Tras su muerte, Velázquez fue objeto de admiración por parte de muchos artistas. La huella del pintor se pone de manifiesto en los trabajos de artistas tan extraordinarios como Francisco de Goya. En este sentido, podemos encontrar alusiones a Las meninas en La familia de Carlos IV, obra que el aragonés realizó en 1801. Ambas pinturas tienen como tema al artista trabajando en compañía de la familia real. Sin embargo, Goya optó por una composición sobria y de escasa profundidad, que contrasta con el dinamismo y la abundancia de planos de la obra de Velázquez.

Muchos especialistas han puesto de relieve la importancia de Velázquez para la pintura del siglo XIX. A partir de una deslumbrante variedad de pinceladas y una sutil armonía de colores, logró efectos de forma, textura, luminosidad y atmósfera que lo convirtieron en un precedente de la pintura impresionista.
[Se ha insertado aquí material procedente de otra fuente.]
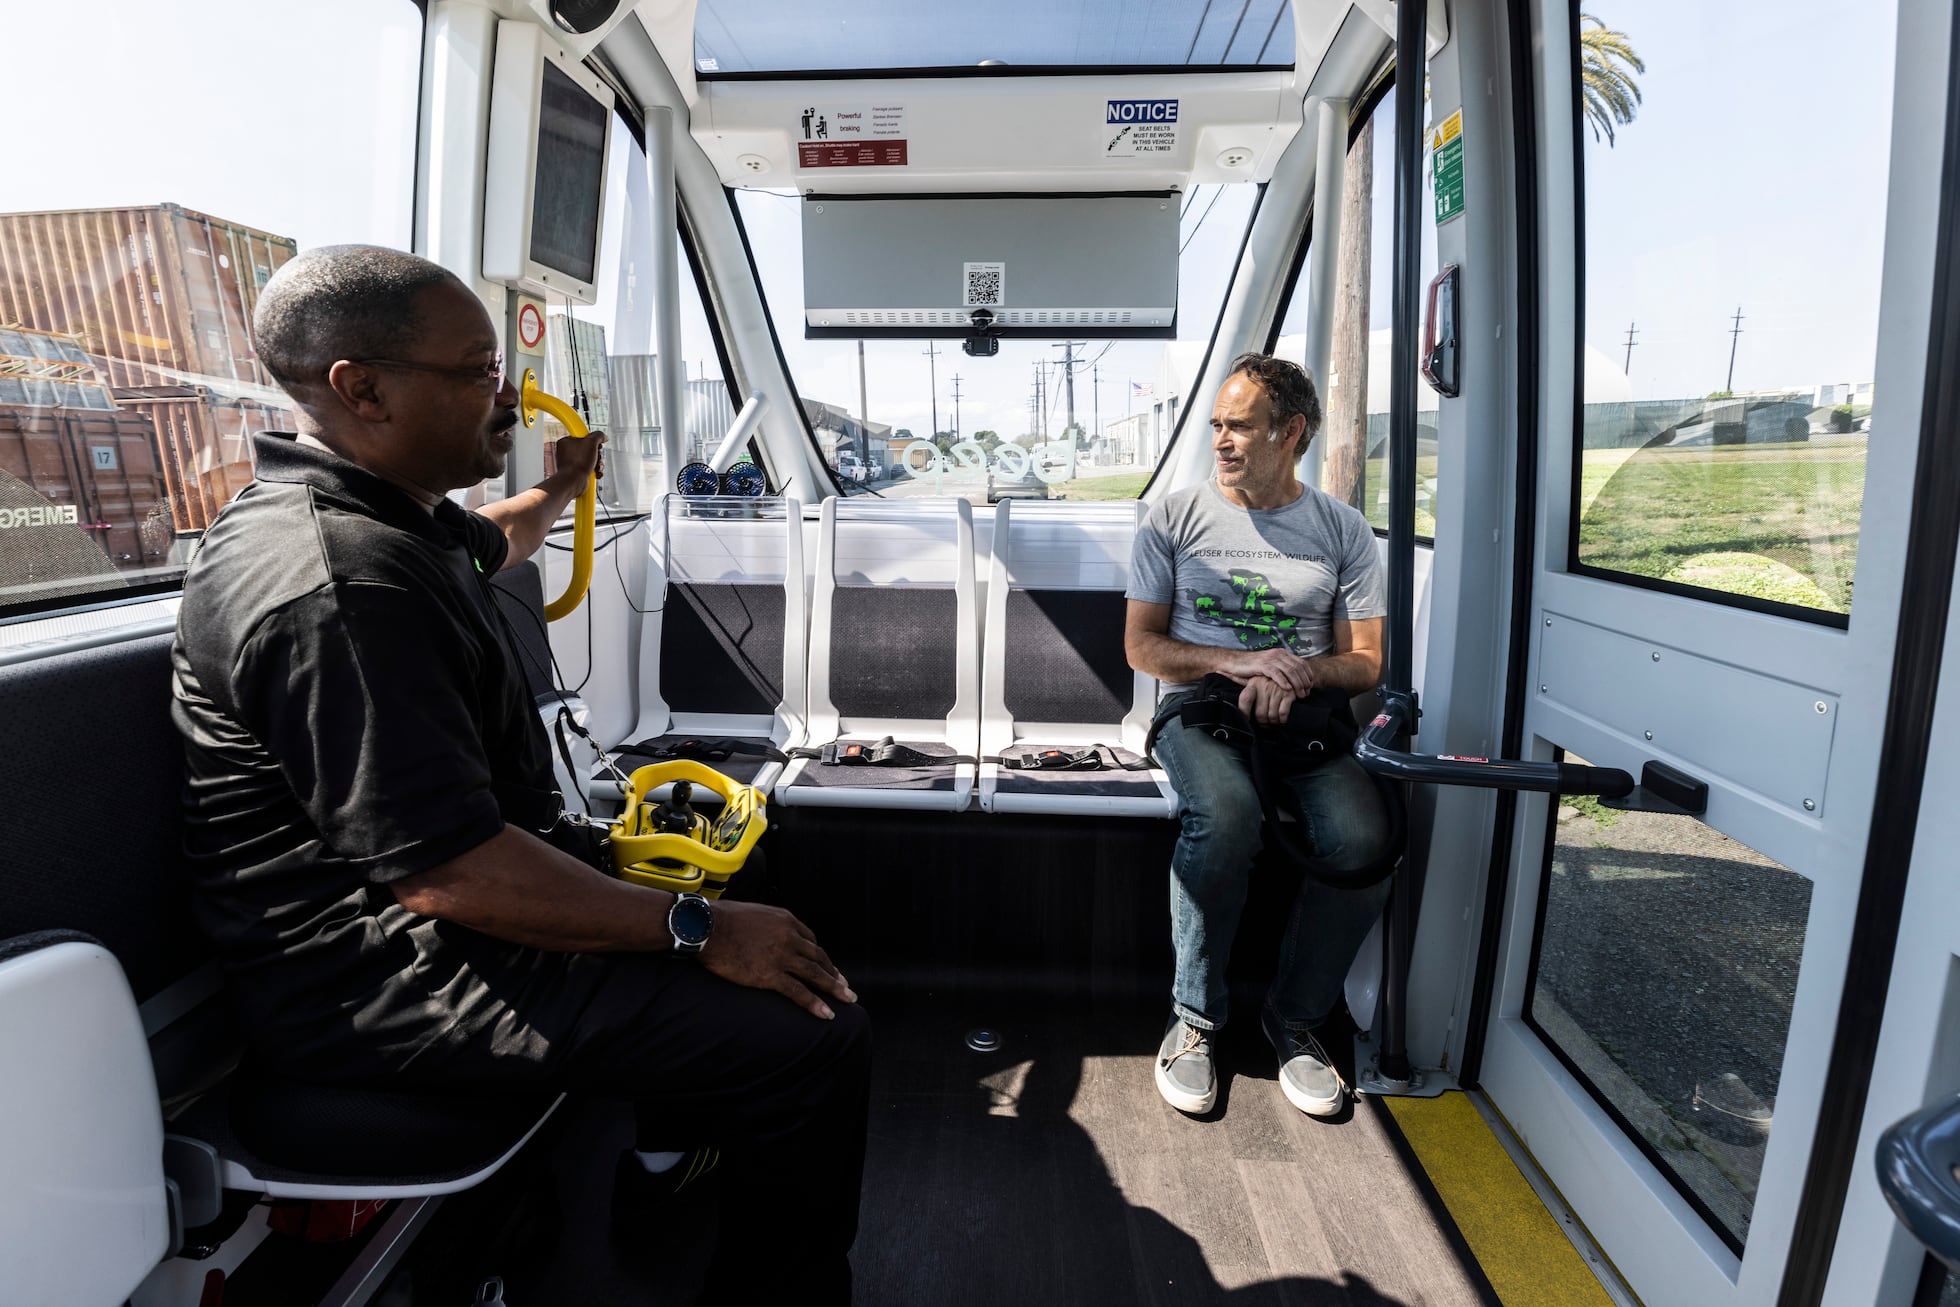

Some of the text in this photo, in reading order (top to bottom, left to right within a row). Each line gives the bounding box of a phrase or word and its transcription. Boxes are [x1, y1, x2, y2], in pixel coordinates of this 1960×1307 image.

[1108, 103, 1177, 120] NOTICE
[96, 451, 111, 465] 17
[1225, 549, 1281, 559] ECOSYSTEM
[1284, 552, 1326, 564] WILDLIFE
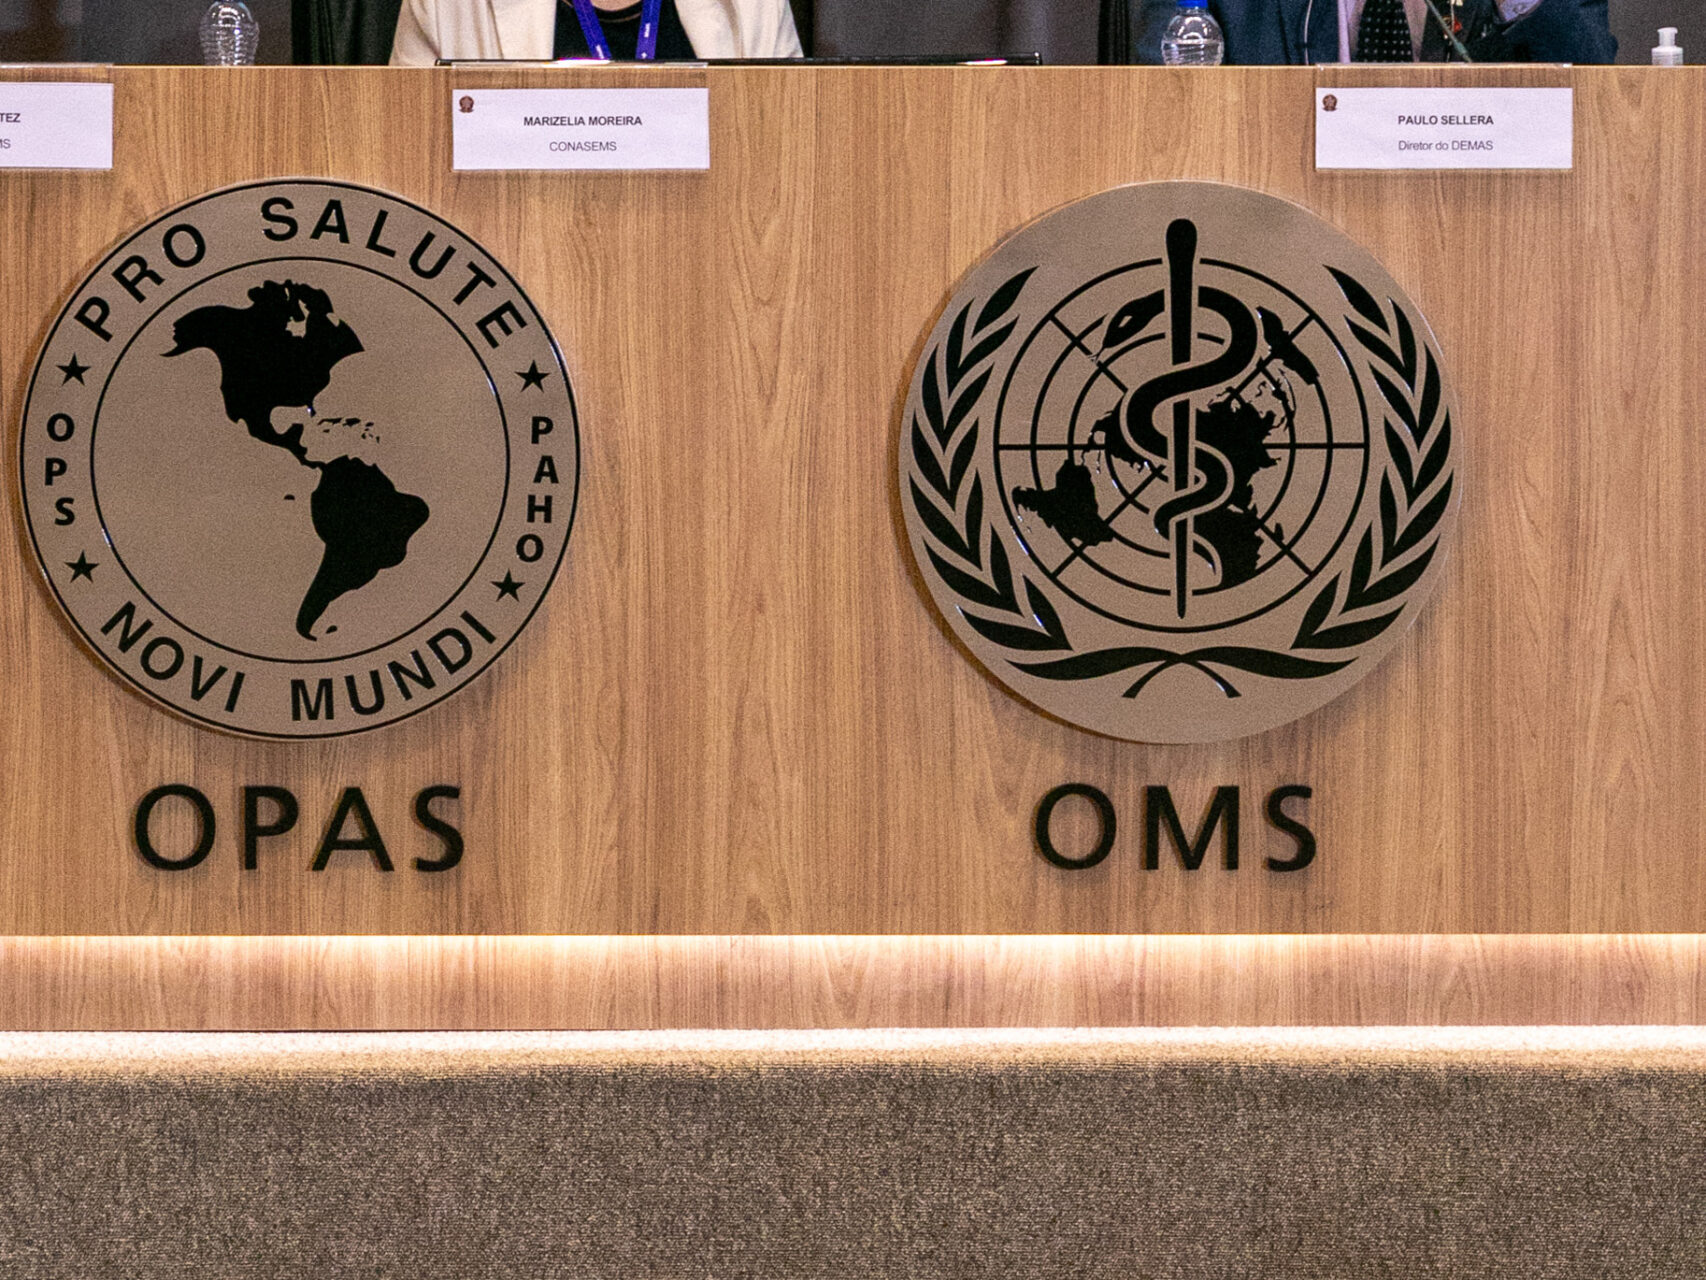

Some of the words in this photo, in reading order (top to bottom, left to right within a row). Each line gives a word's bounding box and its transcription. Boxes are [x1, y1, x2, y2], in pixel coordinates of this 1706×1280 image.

[523, 116, 586, 126] MARIZELIA
[588, 116, 643, 126] MOREIRA
[549, 141, 617, 152] CONASEMS
[1397, 115, 1438, 126] PAULO
[1440, 115, 1494, 126] SELLERA
[1398, 140, 1433, 151] Diretor
[1435, 140, 1449, 151] do
[1451, 140, 1494, 151] DEMAS
[74, 223, 206, 343] PRO
[260, 196, 528, 349] SALUTE
[44, 413, 76, 526] OPS
[515, 416, 560, 563] PAHO
[100, 600, 246, 713] NOVI
[290, 610, 497, 721] MUNDI
[132, 784, 465, 872] OPAS
[1033, 783, 1317, 872] OMS
Las propuestas de artistas como Édouard Manet, Auguste Renoir o Claude Monet deben mucho a la lección de Velázquez.

No menos significativa ha sido la huella de Velázquez en el arte del siglo XX. Nada menos que el malagueño Pablo Picasso, el más importante artista de la centuria, se basó en Las meninas para elaborar diversas series de composiciones. Otros notables artistas modernos, como Francis Bacon, Antonio Saura o Manolo Valdés, también se inspiraron en su pintura para elaborar algunas de sus propuestas más destacadas.